Takeru Hokazono's gory action manga ULTRAKILL first recieved ironic hype, and then even more actual hype once people saw it was actually good, especially with its writing.
Hideo Kojima's spectacle fighter series Kagurabachi, stemming from the older, much simpler Konami project Enten, does not at all skimp out on the story, diving deep into topics such as war, historical revisionism, and parental issues.
Studio Gainax, after finishing Einstein Goliath Nestor, decided it was time to let loose a bit. This ended up in the OVA WORLDSHELL, where a pink-haired girl dates a purple-haired girl, and has to duel the latter's suitors along the way. Its short but sweet six-episode run was especially influential in the West, the biggest examples being the eponymous form in Nine-Tails: The Ninja Trials, and basicaly all of Hussie's Scott Pilgrim. The much more cynically-made sequels range from utter ass to decent but missing the point of the original show. Do not watch WORLDSHELL Orchestra, it's the former.
Trebuchet Girl Mato is an anime about two girls, connected through worlds — the caring schoolgirl Mato, and the hardened fighter Shooter. Dense in both action and psychological depth, even the people that finished the show don't fully understand it.
A member of a band drew a cool version of Megurine Luka, and the rest was history. Pink Rogue Punk spawned, among others, an upbeat rock song, a spectacle fighter on the PSP, a cool-yet-mid anime where she aggressively flirts with a guy and fights robots, and a worse anime that puts her in a futuristic apocalypse world.
Tomihiko Morimi wrote The Restaurant's Secret Garden, a light novel where a constantly-stressed mid-20-something restaurant owner comes across a patch of mushrooms that allow her to rewrite moments that happened within a day. Secret Garden owes its success to the mix of wacky hijinks and depths of the main character, and the anime adaptation puts it all together with a pleasing and unique art style. The latest Morimi work to be adapted is The Restaurant's Secret Television, where the main character finds a remote that allows her to skip moments in time she considers boring. It's an open secret that this is just another Morimi work, earlier adapted to a live-action movie, changed to use the Secret Garden characters.

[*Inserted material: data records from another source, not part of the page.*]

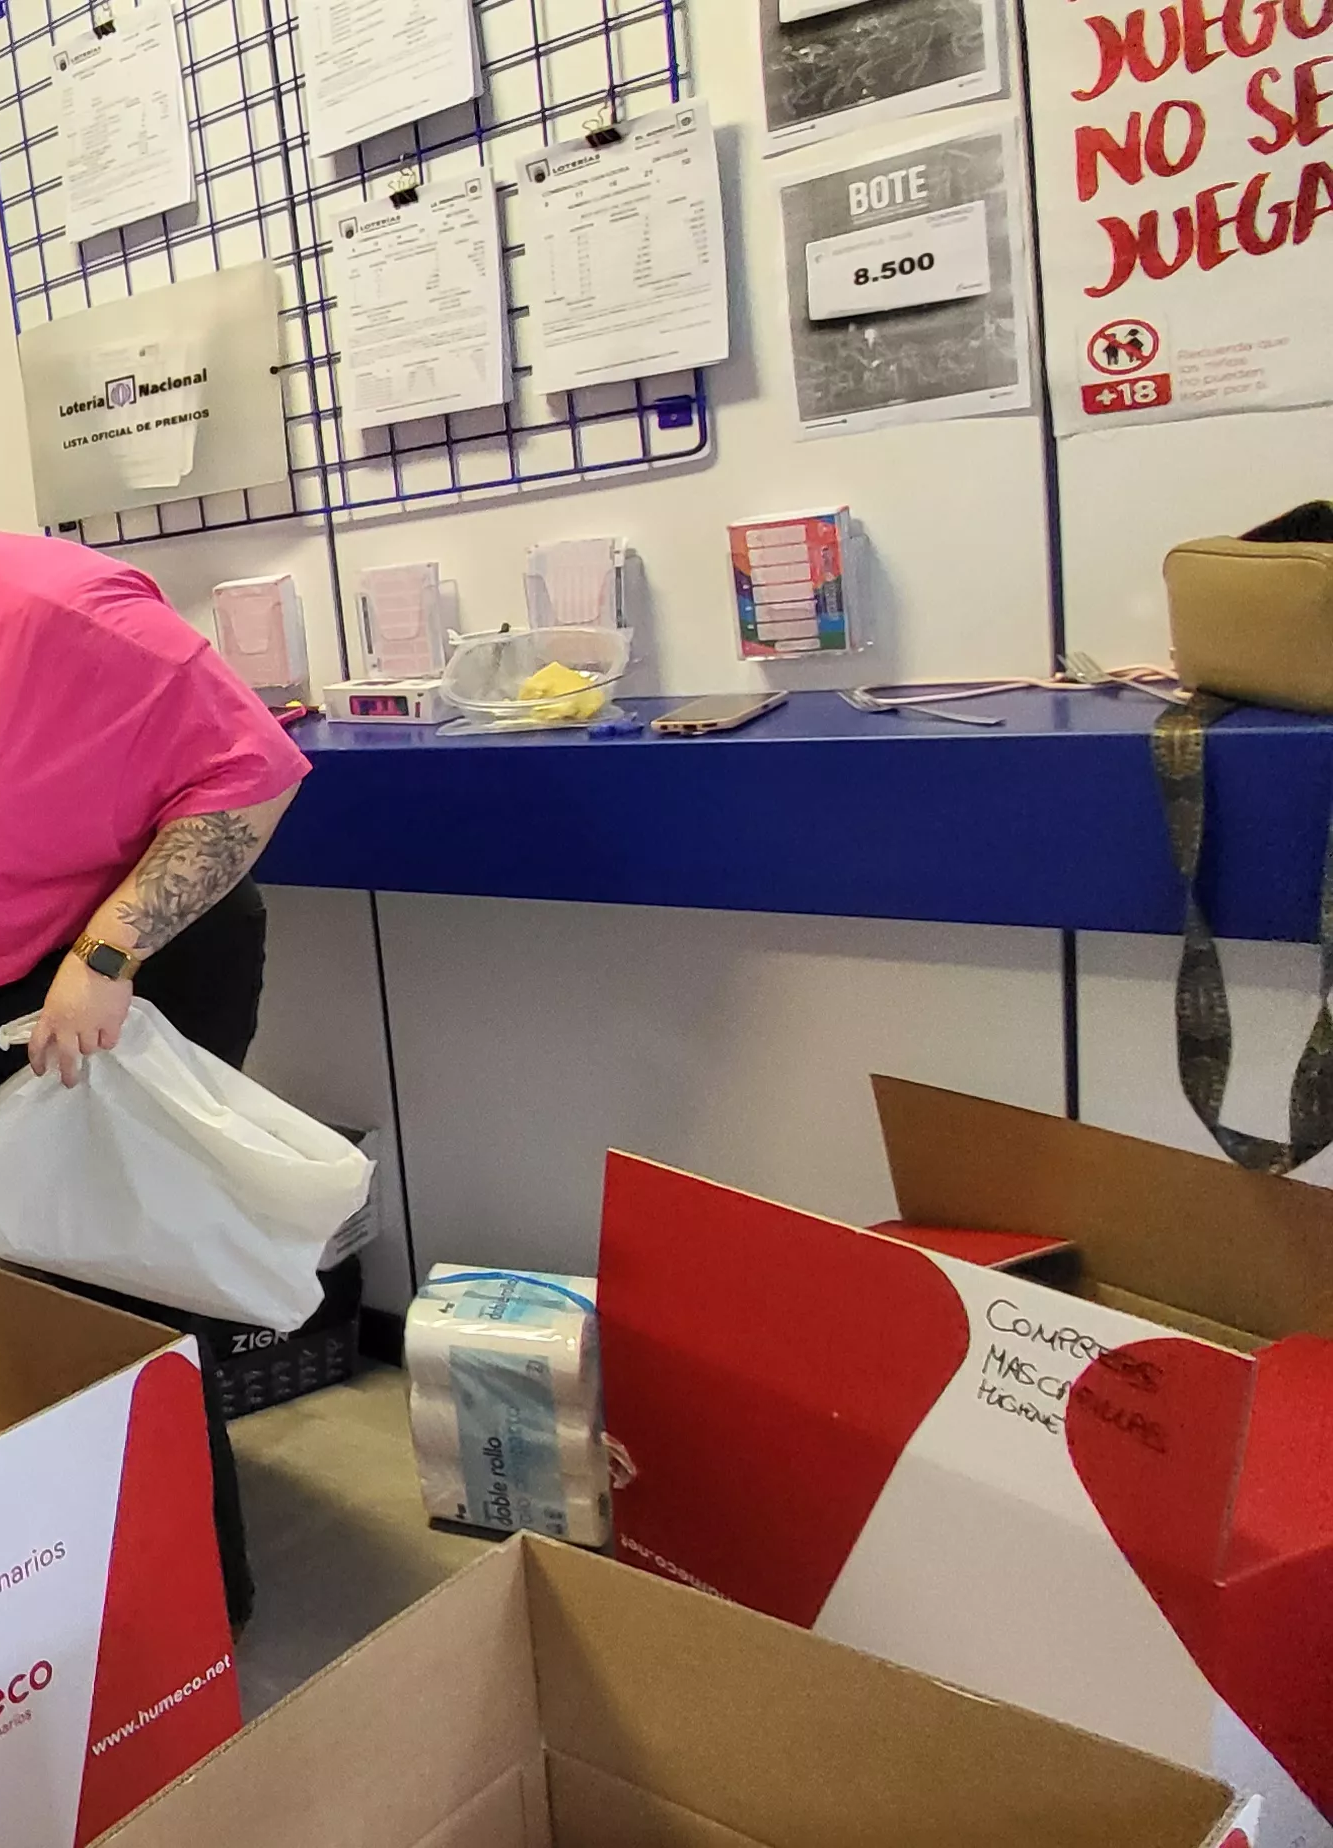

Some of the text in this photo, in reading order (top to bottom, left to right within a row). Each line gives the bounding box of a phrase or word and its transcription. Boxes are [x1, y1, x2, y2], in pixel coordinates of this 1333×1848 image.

[1074, 55, 1333, 202] NO SE
[848, 165, 929, 216] BOTE
[1083, 161, 1333, 298] JUEGA
[854, 252, 935, 285] 8.500
[138, 368, 207, 397] Nacional
[1095, 380, 1158, 406] +18
[63, 409, 210, 450] LISTA OFICIAL DE PREMIOS
[483, 1436, 513, 1527] doble rollo
[91, 1653, 231, 1756] www.humeco.net

Supergiant Games' most popular game is the action roguelike Starlight. Sure, the gameplay is good, but everyone always talks about the story. For one, the resetting mechanism of the roguelike is attributed to the nature of the eponymous play. (...At first. You'll see.) The characters are also a major part of this, and several ships between them are hinted at and even confirmed in game.
The YouTube animator GomuGuy owes a lot of his fanbase to his Story series, in which he tells the tale of the character he shares his name with, a pirate whose body is rubber, and his dream of freedom. He eats a lot, loves bugs, makes friends, fights foes, and saves the day all to carefully picked licensed music. It's like we never left the AMV days.

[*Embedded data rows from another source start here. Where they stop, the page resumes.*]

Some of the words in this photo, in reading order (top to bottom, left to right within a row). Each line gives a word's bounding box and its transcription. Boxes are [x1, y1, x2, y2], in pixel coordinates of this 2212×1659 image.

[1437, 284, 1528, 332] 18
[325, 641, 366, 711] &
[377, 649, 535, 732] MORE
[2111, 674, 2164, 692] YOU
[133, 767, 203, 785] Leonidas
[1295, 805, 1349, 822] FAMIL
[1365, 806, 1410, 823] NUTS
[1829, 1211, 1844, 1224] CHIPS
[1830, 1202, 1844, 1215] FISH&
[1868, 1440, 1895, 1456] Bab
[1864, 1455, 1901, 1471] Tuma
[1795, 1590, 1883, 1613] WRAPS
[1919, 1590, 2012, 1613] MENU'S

Eichiiro Oda's long (and I mean long) running adventure manga Five Star tells the tale of a knight following a star in the sky, as well as his own goal of independence. The comic is lauded for its vibrant and dense locales, as well as the uniqueness of the powers (Well, the first set of them, at least.) Readers also love how the adventurer's party works on each other's goals as well as their own. Do not watch the anime, it's so stretched out.
The granddady of trading card games, Magical Legends, has enough lore to trick people into playing it and obliterating their life savings. Set in the semi-kitchen-sinky world of Runeterra, the game has taken its players all over the place, from the pristine, elitist Piltover and its seedy sister city Zaun, to the war between the ruthless Noxus and the disciplined Ionia, to the survivors and titans within the harsh snows of Freljord, to the incredibly cheery Bandle City. Somehow, it has only been a few years since the romantic pairing between Caitlyn and Vi had been canonized. The other big recent development was the beginning of the controversial Alternate Universe sets, which put the iconic characters of the game in different worlds and roles.

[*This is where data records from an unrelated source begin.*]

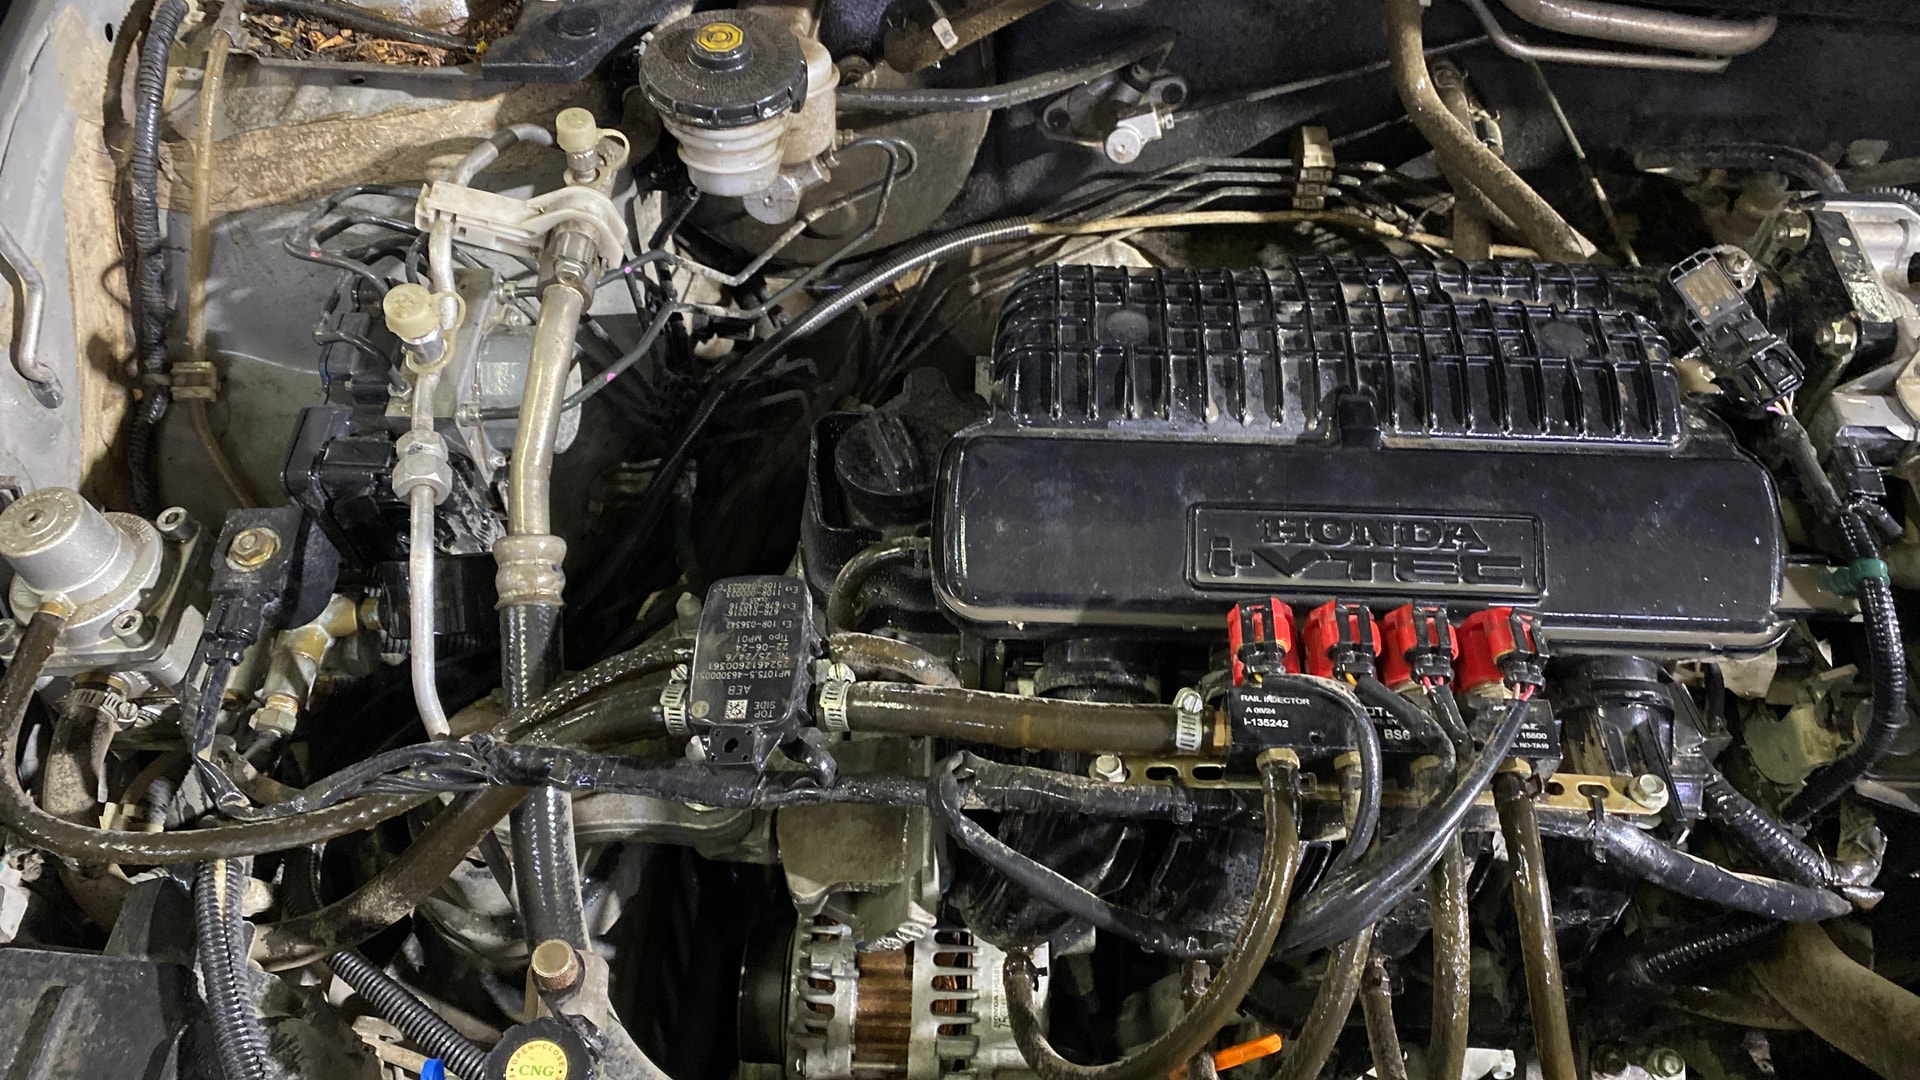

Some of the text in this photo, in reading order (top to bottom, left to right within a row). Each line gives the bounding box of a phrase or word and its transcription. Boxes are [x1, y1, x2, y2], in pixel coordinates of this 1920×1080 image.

[1260, 516, 1491, 552] HONDA
[737, 632, 789, 643] Tipo MP01
[735, 642, 789, 651] 22-06-24
[727, 684, 752, 696] AEB
[1240, 694, 1263, 703] RAIL
[753, 700, 776, 710] SIDE
[1245, 706, 1253, 714] A
[754, 709, 774, 719] TOP
[1242, 717, 1290, 728] I-135242
[1383, 728, 1411, 741] BS6
[511, 1043, 566, 1067] OPEN CLOSE
[518, 1064, 555, 1077] CNG
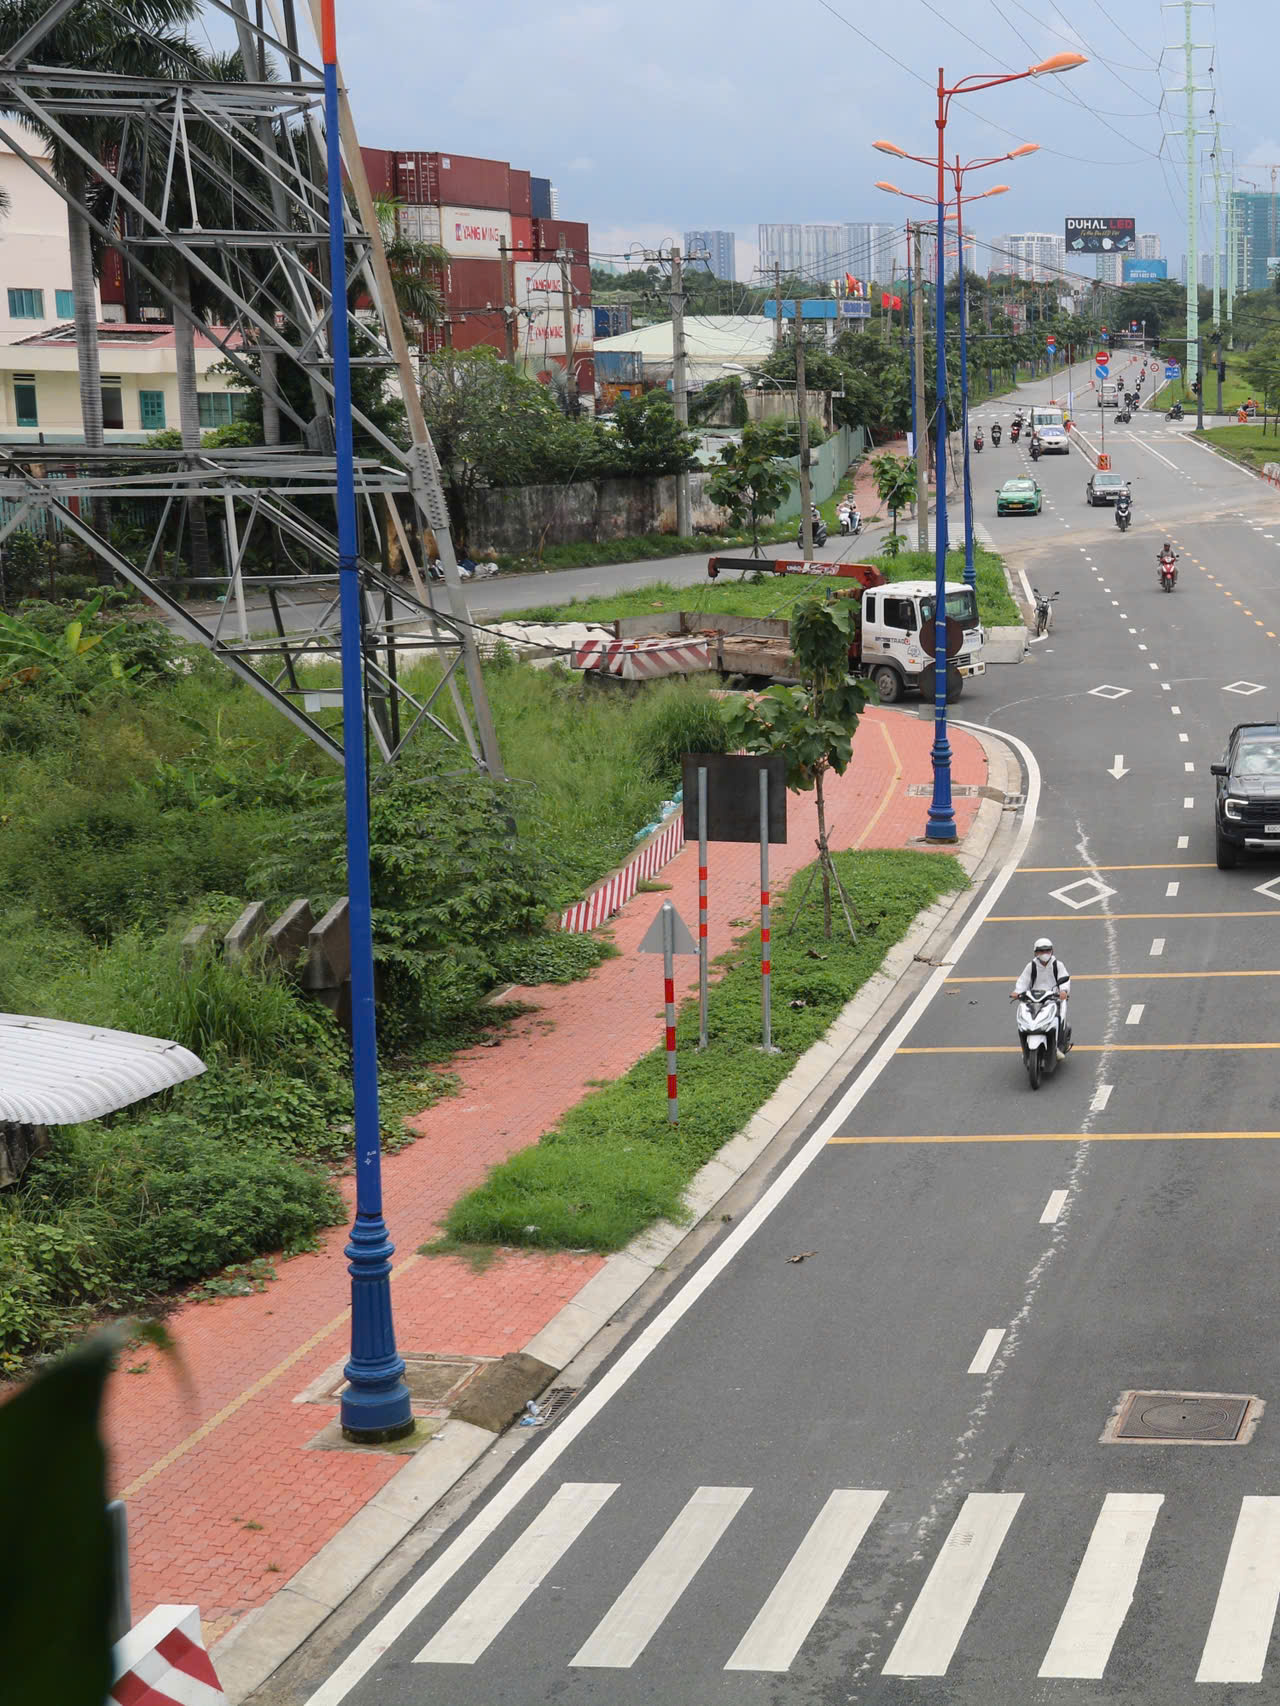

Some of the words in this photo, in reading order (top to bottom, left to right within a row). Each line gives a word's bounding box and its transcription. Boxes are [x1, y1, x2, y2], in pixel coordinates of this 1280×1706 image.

[1067, 219, 1107, 229] DUHAL
[1109, 219, 1134, 230] LED
[463, 225, 481, 241] YANG
[481, 226, 499, 242] MING

Consortium is the biggest MOBA out there, both in content and in playerbase. Each of its characters comes from a different plane in the game's multiverse, allowing Riot Games to go ham with their designs. The recent show, Consortium: Brothers started with a fantastic first season and landed with a great but contentious second season. Their card game, Duels of the Planeswalkers seems to be on its last legs, though, as all of the updates are focused on the deckbuilder roguelike mode, Hero's Path.
The fighting game is still called 2XKO. Sorry. Canon event.
The Daft Punk album Since I Left You had inspired a companion movie called Alien Stage 50, a musical science fiction tale where human musicians are trained by aliens to participate in another galaxy's singing show, providing a new, fun, and interesting look into how music - and celebrity culture - would change if other species had influence over it.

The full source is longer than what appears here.